Margaret R. McLean
AP Photo/Kin Cheung
This article was originally published in the San Francisco Chronicle on February 5, 2020. Margaret R. McLean, Ph.D., is the associate director and director of Bioethics at the Markkula Center for Applied Ethics at Santa Clara University. Views are her own.
Originating in China, Wuhan coronavirus has been confirmed in over two dozen countries with 11 confirmed cases in the United States, four in the Bay Area, as of this writing. The State Department has warned Americans not to travel to China, where more than 17,000 people have been diagnosed and over 350 have died. Anyone entering the U.S. who has been in China’s Hubei province in the last two weeks is subject to a two-week quarantine. For the first time in over 50 years, a federal quarantine order was issued for the first 195 Americans evacuated from Wuhan.
I am not the only one to note the striking resemblance of this global health emergency to the 2003 outbreak of another novel coronavirus, SARS. SARS coronavirus also began in China and resulted in 8,093 confirmed cases of severe acute respiratory syndrome, with 774 fatalities in 17 countries. The Wuhan virus has sickened more people but, so far, is less deadly than its predecessor.

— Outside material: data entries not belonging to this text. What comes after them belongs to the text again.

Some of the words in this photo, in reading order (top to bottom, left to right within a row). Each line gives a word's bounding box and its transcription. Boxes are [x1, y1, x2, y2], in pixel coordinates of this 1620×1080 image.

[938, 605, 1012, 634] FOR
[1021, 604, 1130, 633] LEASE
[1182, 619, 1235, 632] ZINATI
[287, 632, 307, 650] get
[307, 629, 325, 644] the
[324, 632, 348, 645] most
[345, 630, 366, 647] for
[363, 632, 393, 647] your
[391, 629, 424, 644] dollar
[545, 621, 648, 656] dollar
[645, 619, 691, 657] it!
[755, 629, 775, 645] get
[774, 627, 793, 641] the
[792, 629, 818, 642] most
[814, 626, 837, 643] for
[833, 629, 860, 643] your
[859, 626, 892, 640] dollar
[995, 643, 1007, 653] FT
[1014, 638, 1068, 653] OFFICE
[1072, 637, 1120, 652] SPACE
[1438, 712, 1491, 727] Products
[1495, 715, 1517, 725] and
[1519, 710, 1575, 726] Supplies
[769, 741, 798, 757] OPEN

SARS taught us a great deal about public health preparedness and how to respond to novel viral outbreaks. It also made abundantly clear the critical importance of ethical preparedness — lessons we need to revisit and relearn now.
Containing SARS was in many ways a noteworthy public health achievement that relied on well-tested precautionary measures — think hand washing — and rigorous infection control — think isolation and quarantine. But despite ultimate success, the SARS response laid bare the hidden risk of being ethically unprepared.

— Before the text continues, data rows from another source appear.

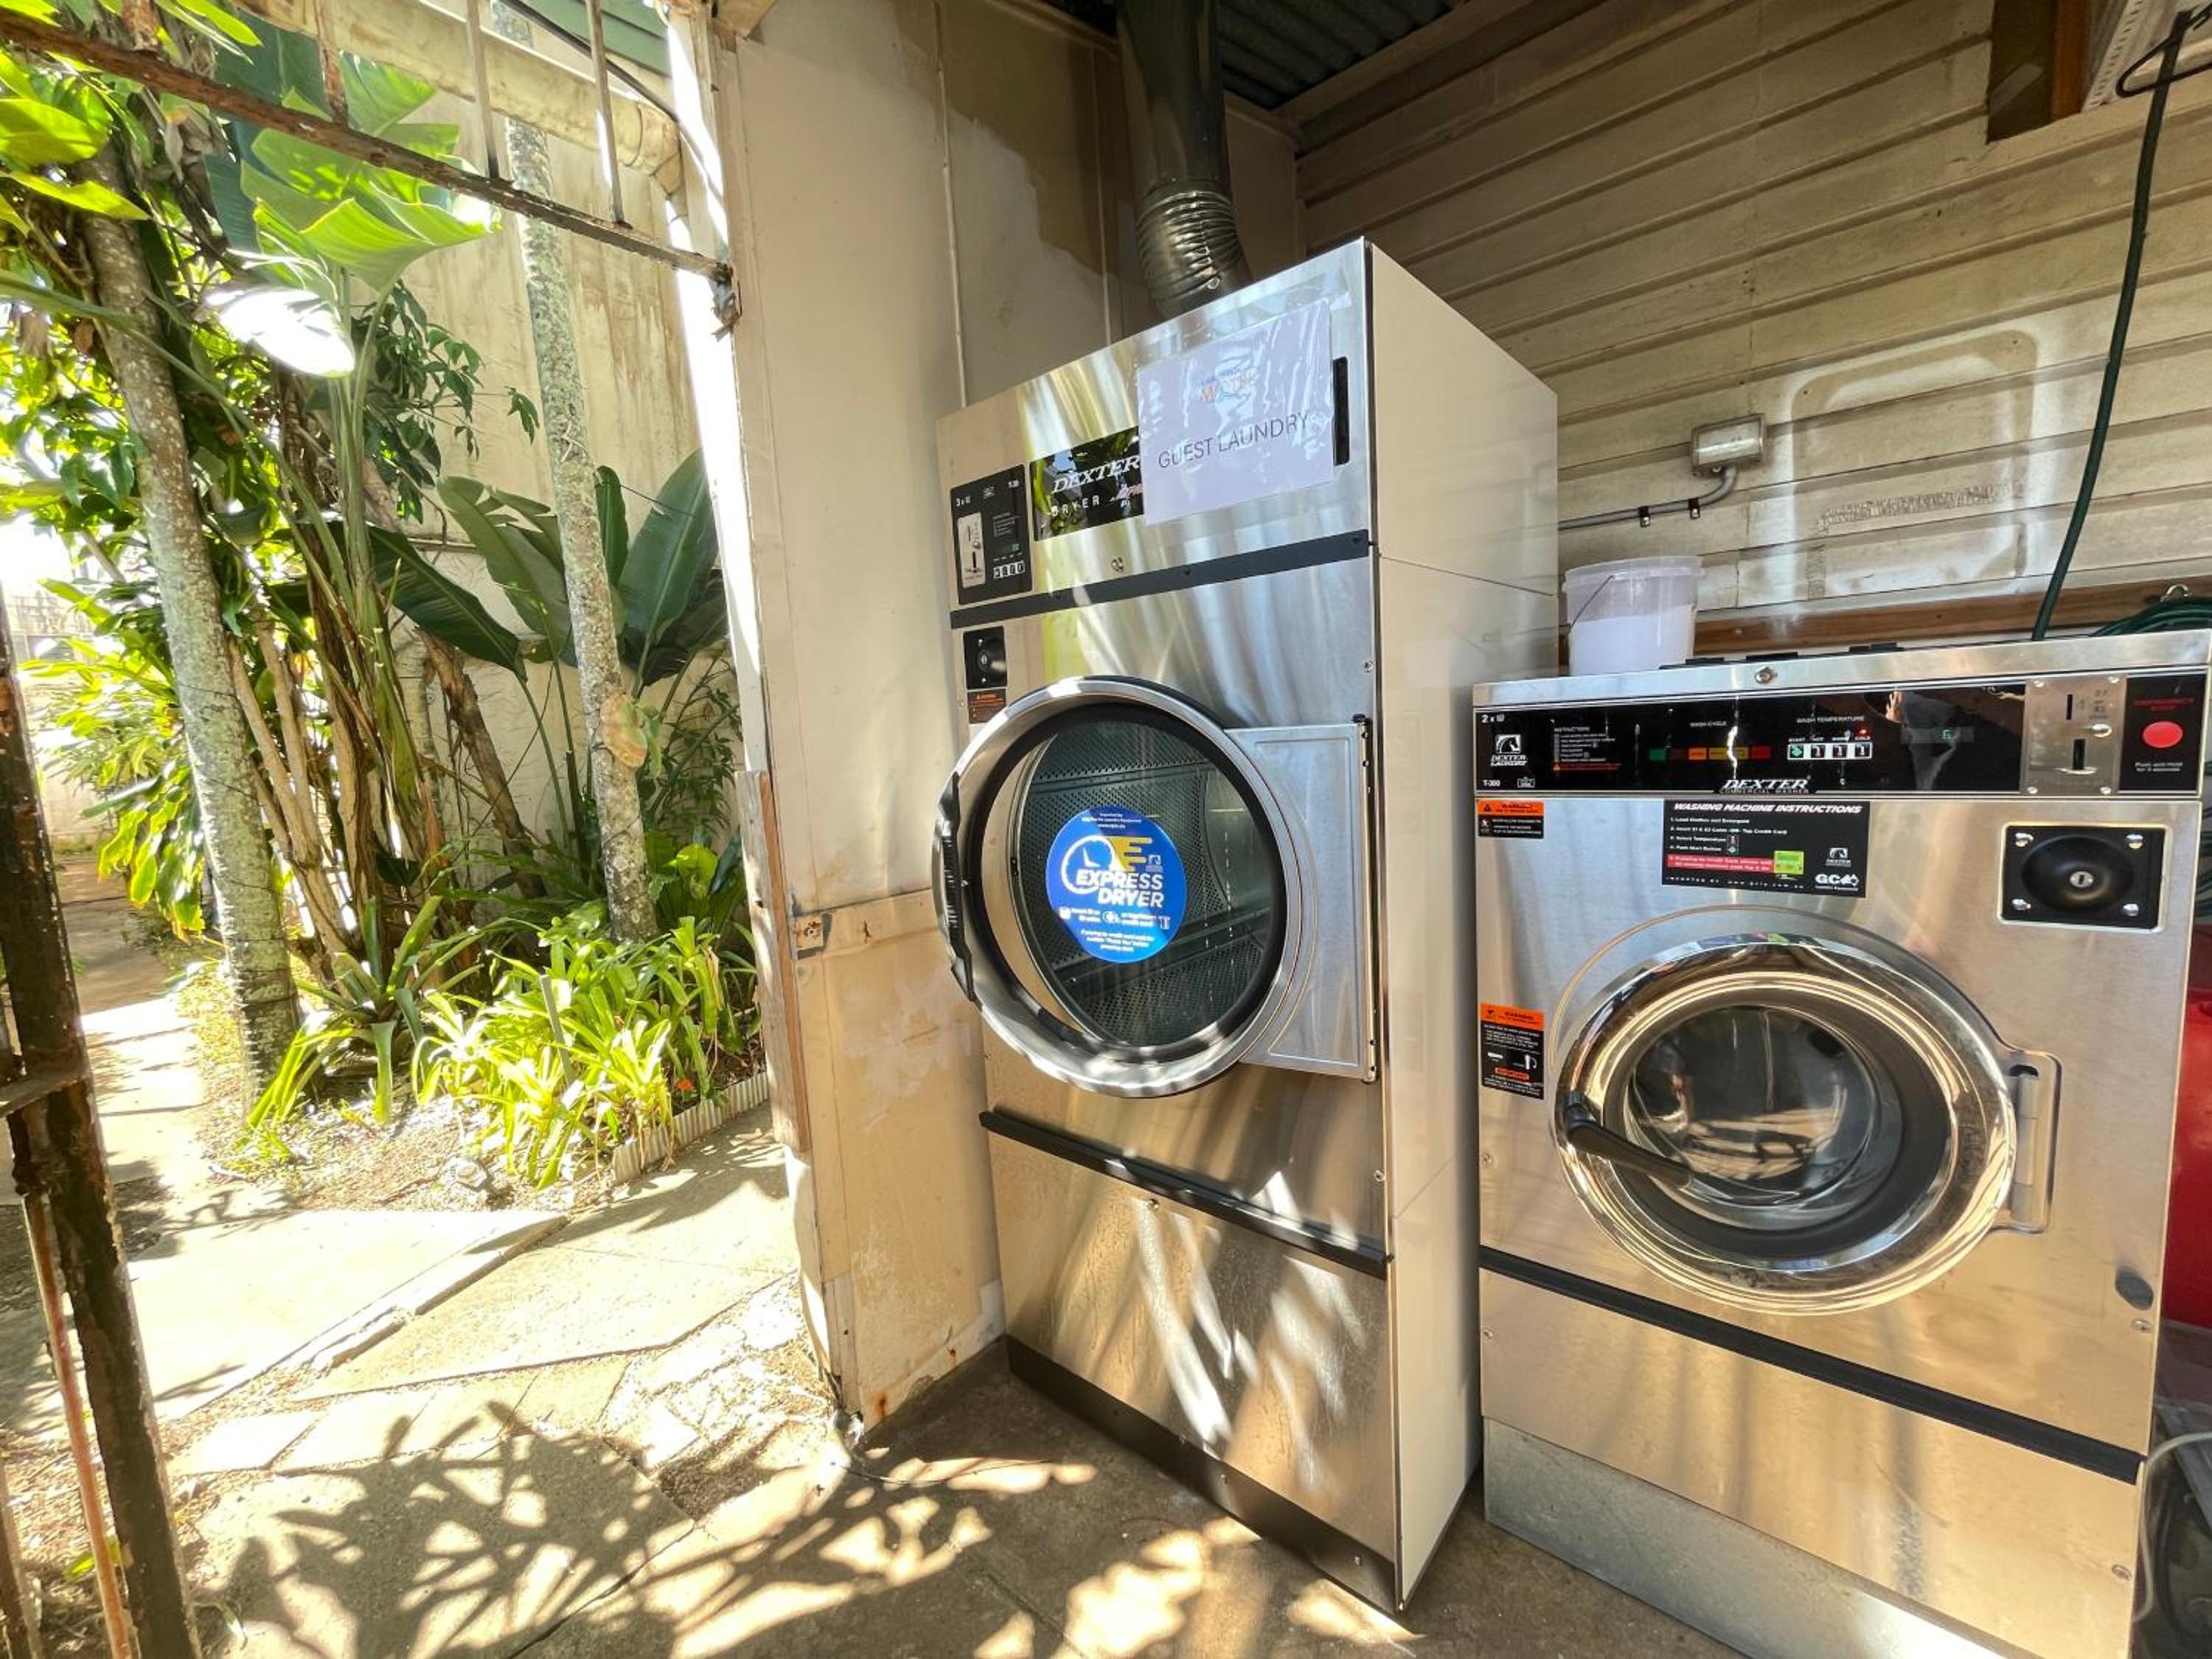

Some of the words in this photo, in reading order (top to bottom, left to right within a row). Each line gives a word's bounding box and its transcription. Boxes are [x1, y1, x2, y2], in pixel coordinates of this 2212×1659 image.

[1158, 437, 1214, 468] GUEST
[1219, 413, 1309, 452] LAUNDRY
[1051, 456, 1140, 494] DEXTER
[1481, 714, 1488, 723] 2
[1722, 779, 1809, 789] DEXTER
[1674, 803, 1724, 811] WASHING
[1723, 804, 1775, 812] MACHINE
[1775, 804, 1863, 813] INSTRUCTIONS
[1076, 869, 1164, 890] EXPRESS
[1097, 888, 1165, 908] DRYER

Outside of Asia, the city most impacted was Toronto, which suffered two SARS outbreaks lasting a total of 6 months and killing 42. After the crisis passed, researchers at the University of Toronto Joint Centre for Bioethics observed that as the virus spread and mandatory quarantine and isolation measures took hold, people became progressively worried about what values were guiding such public health decisions. Were the responses of officials coming from fear and expedience or a concern for the public good? Decision makers found themselves forced to choose — and choose quickly — between protecting individual freedom and guarding the common good.
Toronto pointed to the importance of developing an ethical decision-making framework, not in the moment of crisis but ahead of time, so that public health officials and government leaders can make well-informed, value-based decisions. Decisions must be transparent and rooted in what those most affected would want done. Public conversations regarding hard choices ideally occur before, not after, people are jostling at the emergency-room door.
Timely, transparent, publicly informed decision making bolsters public trust, eases fear and results in acceptance of decisions made in the interest of the common good — even restrictions on movement. SARS taught that treating people fairly in times of rampant uncertainty and fear is critically important to social stability and the success of disease containment.
Our primary ethical mandate in the face of any disaster — be it infectious disease or volcanic eruption — is to maximize preparedness so as to minimize harm and keep society functioning. This conscientious planning requires operational preparedness: What do we do? How do we do it? It also requires ethical preparedness: Why must we do what we must do?